* WHAT YOU HAVE TO DO *
Copy all the data exactly, except the pictures.

* ENTRIES PROVIDED *
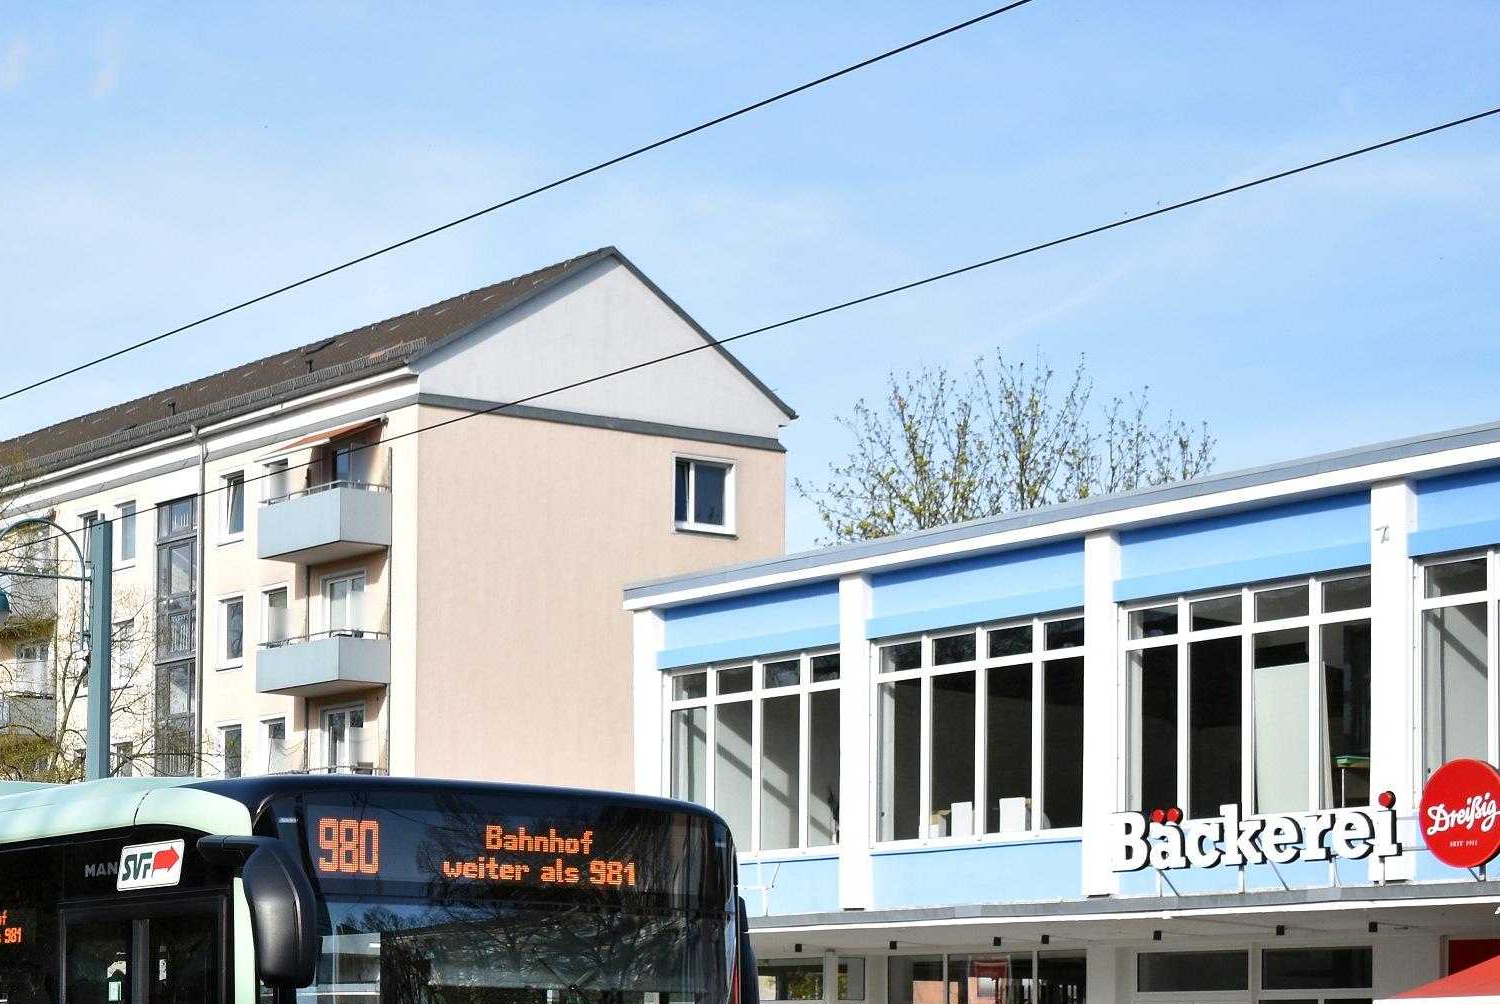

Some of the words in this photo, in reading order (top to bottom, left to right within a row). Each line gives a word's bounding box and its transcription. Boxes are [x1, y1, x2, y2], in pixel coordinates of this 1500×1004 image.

[1427, 792, 1500, 836] Dreißig
[319, 817, 380, 874] 980
[486, 825, 593, 855] Bahnhof
[1112, 789, 1403, 872] Bäckerei
[84, 861, 118, 878] MAN
[122, 852, 153, 881] SVF
[443, 856, 530, 881] weiter
[540, 858, 580, 883] als
[590, 860, 636, 886] 981
[4, 927, 22, 943] 981
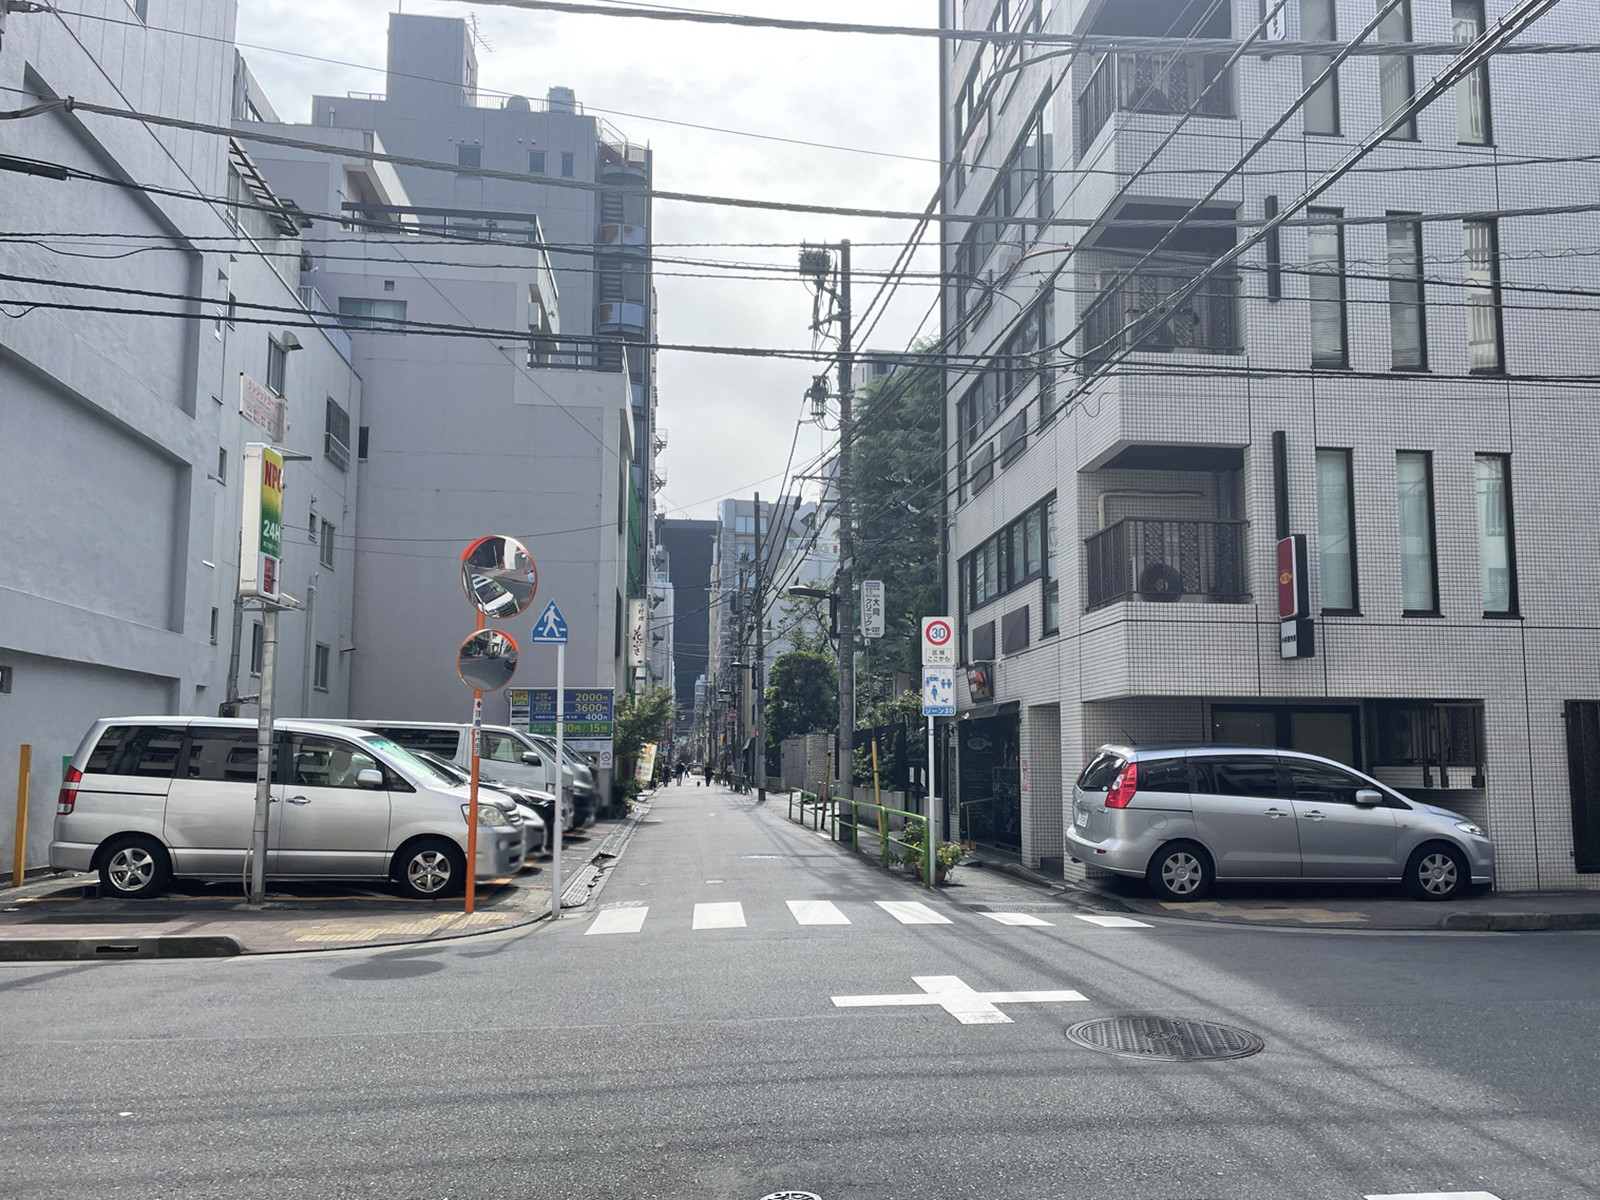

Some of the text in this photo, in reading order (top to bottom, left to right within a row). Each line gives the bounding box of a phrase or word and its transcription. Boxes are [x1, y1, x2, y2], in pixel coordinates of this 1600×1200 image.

[931, 627, 946, 639] 30
[575, 693, 608, 701] 2000円
[574, 703, 608, 712] 3600円
[585, 713, 608, 721] 400円

* ANSWER SECTION *
Some of the words in this photo, in reading order (top to bottom, left to right within a row). Each line gives a word's bounding box and its transcription. Boxes are [x1, y1, x2, y2], in pixel coordinates of this 1500×1004 image.

[1427, 792, 1500, 836] Dreißig
[319, 817, 380, 874] 980
[486, 825, 593, 855] Bahnhof
[1112, 789, 1403, 872] Bäckerei
[84, 861, 118, 878] MAN
[122, 852, 153, 881] SVF
[443, 856, 530, 881] weiter
[540, 858, 580, 883] als
[590, 860, 636, 886] 981
[4, 927, 22, 943] 981

Some of the text in this photo, in reading order (top to bottom, left to right within a row). Each line gives the bounding box of a phrase or word and its transcription. Boxes are [x1, y1, x2, y2], in pixel coordinates of this 1600×1200 image.

[931, 627, 946, 639] 30
[575, 693, 608, 701] 2000円
[574, 703, 608, 712] 3600円
[585, 713, 608, 721] 400円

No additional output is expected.